Anna went on her way down the valley to the cotton mill with a sore and heavy heart. On other days she could rejoice even in a leaden sky, in the muddy, sullen stream, in the stripped branches of the forest; but to-night, for twilight was falling now, all seemed clothed in that oppressive ugliness of Tennyson’s picture:—
“When the rotten woodland drips,
And the leaf is stamped in clay.”
Reaching the mill, dark and silent otherwise, she noted a light in Gregory’s office and the sound of voices, but the door was closed. She passed through the corridor to the small room beyond which was used as a dispensary. Pushing open the door she found the room empty; the young man whose charge it was seemed to have betaken himself otherwhere over early. However, Anna’s knowledge of drugs was not inconsiderable, and in this case she knew precisely what Keith needed and where to find it. So she proceeded without delay to place on the small polished counter which stretched across the narrow room, the necessary ingredients for a certain powder, and then carefully mixed these in the proportion called for by her simple prescription. While she was thus occupied she noticed with a sense of discomfort that the voices in the office, only divided from her now by a thin partition, grew louder and took on a disagreeable quality. Presently the door of the office was opened, and some one hastened from the building in evident impatience, leaving the door wide open. There was complete silence for a moment, and then Anna heard John Gregory speak. She could not fail to hear every word, although his voice was not raised, and its wonted quietness and courtesy were unchanged.
“You will bear me witness, nevertheless, Mr. Hanson,” he said, “that I never promised an easy life for those who came with me to Fraternia. I declared plainly that simplicity and poverty and roughness were to be accepted as necessary conditions.”
“That is all very well,” a voice replied, which Anna recognized as that of the Burlington architect, whose wife had evidently been working upon him; “but when simplicity means starvation for delicate women and children, and poverty begins to look like bankruptcy, the situation strikes me as pretty serious. All I have to say is,” and the man’s voice rose to a pitch of high excitement, “you are the dictator here, and you are responsible; you’ve got us into this scrape, Mr. Gregory, by working upon our emotions, and all that, and now you’ve got to get us out of it, somehow!” and with these words Anna heard the speaker leave the office with rapid steps, and a moment after the outer door of the mill closed upon him.
Anna had dropped the powders which she was dividing now into their papers, and had started to go to the door and close it that she might hear no more; but before she could do this a step in the corridor which she knew sent her back to her place with a beating heart, and in another instant John Gregory stood in the doorway.

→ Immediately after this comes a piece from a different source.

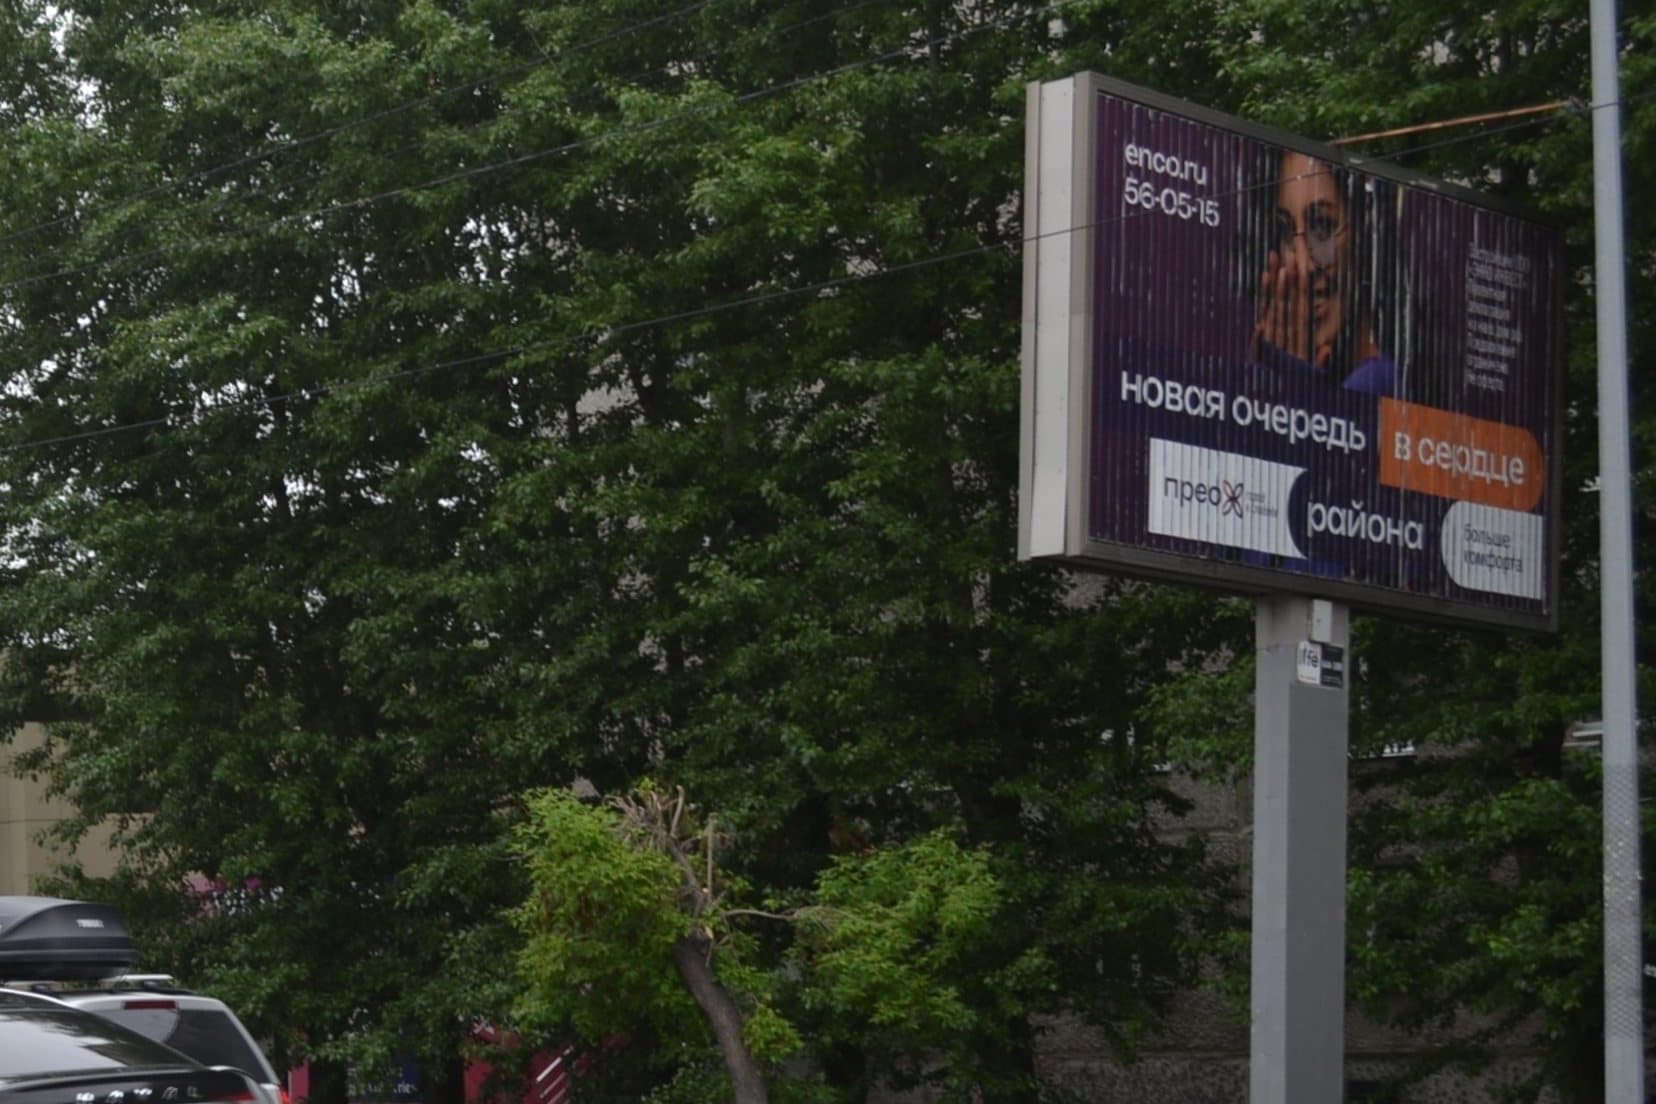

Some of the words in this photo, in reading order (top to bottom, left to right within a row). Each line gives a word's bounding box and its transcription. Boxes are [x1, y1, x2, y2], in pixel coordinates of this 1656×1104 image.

Anna had never seen his face changed by any mental agitation, nor was it now, save for a touch of weariness and an unwonted pallor. There was a deep, sunk glow in his eyes, which, together with the careless sweep of the grey hair flung off his forehead, recalled with peculiar emphasis the leonine effect Anna had often noticed. The habitual grave composure of his manner was in no way disturbed; and although he could not have known of her presence in the dispensary, it did not seem to cause him surprise.
“Is some one ill at your house?” he asked with evident concern but characteristic abruptness. He was one of those few persons who do not find it necessary to explain what is self-evident.
“Mr. Burgess is not very well,” Anna replied, hesitating somewhat, unwilling to strike another dart into the soreness of his spirit, which she felt distinctly, for all his outward firmness.